I hope I am not jumping the gun with this one.. 
When a RBA sets the standard for 100's of RBA's to come in the future, you know it's a game changer!! 

Velocity RDA V1

Reactions: Like 8 | Agree 4 | Winner 3


----------



## Stosta (30/11/17)

Nice thread Rob!

I'm going to go with the Subtank Mini (of course I would )







The first tank to offer commercial coils AND a rebuildable option! This was my first sub-ohm tank for this exact reason. I could try and learn to build my own coils, and no fear of failing because I could just pop in a commercial coil if I did! The pre-built coils also came in 1.2ohm and 0.5ohm options. I remember thinking when I first tried a 0.5 coil how it made soooooo much vapour I would only ever use it outside! (Oh how times have changed!)

A killer tank in it's time, and it still holds ground today as me and a lot of others still use it on a daily basis.

Reactions: Like 6 | Agree 15 | Winner 6


----------



## Andre (30/11/17)

For me, my first Reos with RM2s. August 2013.

Reactions: Like 7 | Agree 4 | Winner 6


----------



## Rob Fisher (30/11/17)

Going a little further back was the Kanger Protank 3... for me this was what really secured me never smoking again! Version 2 was cool but this one just looked so modern and worked really well for me!

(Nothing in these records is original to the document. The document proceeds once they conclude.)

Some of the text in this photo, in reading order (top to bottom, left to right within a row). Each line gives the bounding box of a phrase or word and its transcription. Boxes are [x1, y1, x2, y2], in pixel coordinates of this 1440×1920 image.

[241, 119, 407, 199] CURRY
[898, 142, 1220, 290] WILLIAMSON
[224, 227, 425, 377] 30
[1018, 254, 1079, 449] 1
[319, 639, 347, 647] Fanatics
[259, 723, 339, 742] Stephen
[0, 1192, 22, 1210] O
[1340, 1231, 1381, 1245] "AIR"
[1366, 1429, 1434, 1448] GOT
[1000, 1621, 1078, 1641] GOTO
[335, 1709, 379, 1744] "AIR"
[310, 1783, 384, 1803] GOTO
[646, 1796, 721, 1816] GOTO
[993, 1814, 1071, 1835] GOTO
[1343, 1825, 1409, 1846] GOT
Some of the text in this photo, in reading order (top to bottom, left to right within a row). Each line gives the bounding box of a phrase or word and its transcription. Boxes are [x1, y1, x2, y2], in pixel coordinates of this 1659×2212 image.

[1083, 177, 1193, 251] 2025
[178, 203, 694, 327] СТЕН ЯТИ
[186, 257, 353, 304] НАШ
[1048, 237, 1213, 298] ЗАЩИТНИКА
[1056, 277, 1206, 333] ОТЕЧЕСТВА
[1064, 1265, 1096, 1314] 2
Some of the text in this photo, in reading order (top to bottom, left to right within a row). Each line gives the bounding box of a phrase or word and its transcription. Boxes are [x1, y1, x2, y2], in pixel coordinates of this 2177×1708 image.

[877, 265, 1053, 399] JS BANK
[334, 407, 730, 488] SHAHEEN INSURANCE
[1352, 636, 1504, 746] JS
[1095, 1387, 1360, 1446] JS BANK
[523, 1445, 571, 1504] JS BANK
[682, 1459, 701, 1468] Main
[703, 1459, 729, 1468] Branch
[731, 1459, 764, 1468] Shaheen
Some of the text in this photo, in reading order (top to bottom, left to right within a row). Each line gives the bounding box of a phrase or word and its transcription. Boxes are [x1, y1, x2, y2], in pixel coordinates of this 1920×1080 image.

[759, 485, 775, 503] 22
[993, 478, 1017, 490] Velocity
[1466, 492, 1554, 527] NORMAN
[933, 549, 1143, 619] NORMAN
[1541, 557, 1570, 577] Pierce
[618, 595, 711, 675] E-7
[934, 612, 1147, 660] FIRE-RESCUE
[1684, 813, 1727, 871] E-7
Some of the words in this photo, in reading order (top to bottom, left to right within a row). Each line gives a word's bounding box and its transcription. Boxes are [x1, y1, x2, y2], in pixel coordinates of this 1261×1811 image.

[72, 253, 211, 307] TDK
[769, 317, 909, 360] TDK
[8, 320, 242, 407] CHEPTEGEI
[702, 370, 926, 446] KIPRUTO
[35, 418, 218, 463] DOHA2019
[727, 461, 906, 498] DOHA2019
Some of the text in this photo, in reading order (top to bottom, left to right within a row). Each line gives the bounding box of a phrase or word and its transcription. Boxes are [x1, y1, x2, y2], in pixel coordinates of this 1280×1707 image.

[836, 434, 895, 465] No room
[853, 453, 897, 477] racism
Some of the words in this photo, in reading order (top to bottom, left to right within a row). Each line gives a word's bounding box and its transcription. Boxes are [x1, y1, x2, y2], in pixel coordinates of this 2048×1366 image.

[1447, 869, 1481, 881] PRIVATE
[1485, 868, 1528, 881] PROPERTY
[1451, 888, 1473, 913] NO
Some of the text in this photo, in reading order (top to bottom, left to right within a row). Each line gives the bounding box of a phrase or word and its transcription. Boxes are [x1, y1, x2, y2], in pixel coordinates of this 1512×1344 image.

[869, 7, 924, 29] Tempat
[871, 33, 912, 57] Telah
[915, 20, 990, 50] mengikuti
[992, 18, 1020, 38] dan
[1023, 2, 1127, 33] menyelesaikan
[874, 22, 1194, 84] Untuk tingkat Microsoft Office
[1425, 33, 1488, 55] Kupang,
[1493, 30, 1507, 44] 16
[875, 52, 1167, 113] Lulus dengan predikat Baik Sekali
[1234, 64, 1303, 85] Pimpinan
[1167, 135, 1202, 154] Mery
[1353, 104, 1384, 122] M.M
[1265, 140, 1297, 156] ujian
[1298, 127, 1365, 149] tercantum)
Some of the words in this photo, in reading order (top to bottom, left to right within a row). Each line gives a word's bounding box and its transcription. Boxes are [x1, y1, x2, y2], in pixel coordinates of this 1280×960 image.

Reactions: Like 7 | Agree 7


----------



## Gizmo (30/11/17)

Umm for me when I really started to love vaping was when the 

Firstly the MVP Box Mod. What a machine this was






Then the first proper sub-ohm tank Aspire Atlantis 






Followed closely by the Subox Mini Kit

Reactions: Like 6 | Agree 4 | Winner 4


----------



## Andre (30/11/17)

What got me off a 60 a day stinky habit within a week was the Mothership, one of the first VV and replaceable battery mods - it had two settings! With the Protank (think it was the 2nd version) and 36 mg nic.

Reactions: Like 7 | Winner 2


----------



## Stosta (30/11/17)

Gizmo said:


> Umm for me when I really started to love vaping was when the
> 
> Firstly the MVP Box Mod. What a machine this was
> 
> ...


Lol! That MVP box looks like an old Nokia 5110!

Reactions: Agree 1 | Funny 5


----------



## Rafique (30/11/17)

introduced my to building 




introduced me to sub ohm




Introduced me to massive clouds






Everything after these introduced me to bankruptcy.

Reactions: Like 5 | Winner 2 | Funny 8


----------



## skola (30/11/17)

Keeping on my RDA game changers.. 

The Derringer RDA by Praxis Vapors. Every Flavour Chasers dream at the time..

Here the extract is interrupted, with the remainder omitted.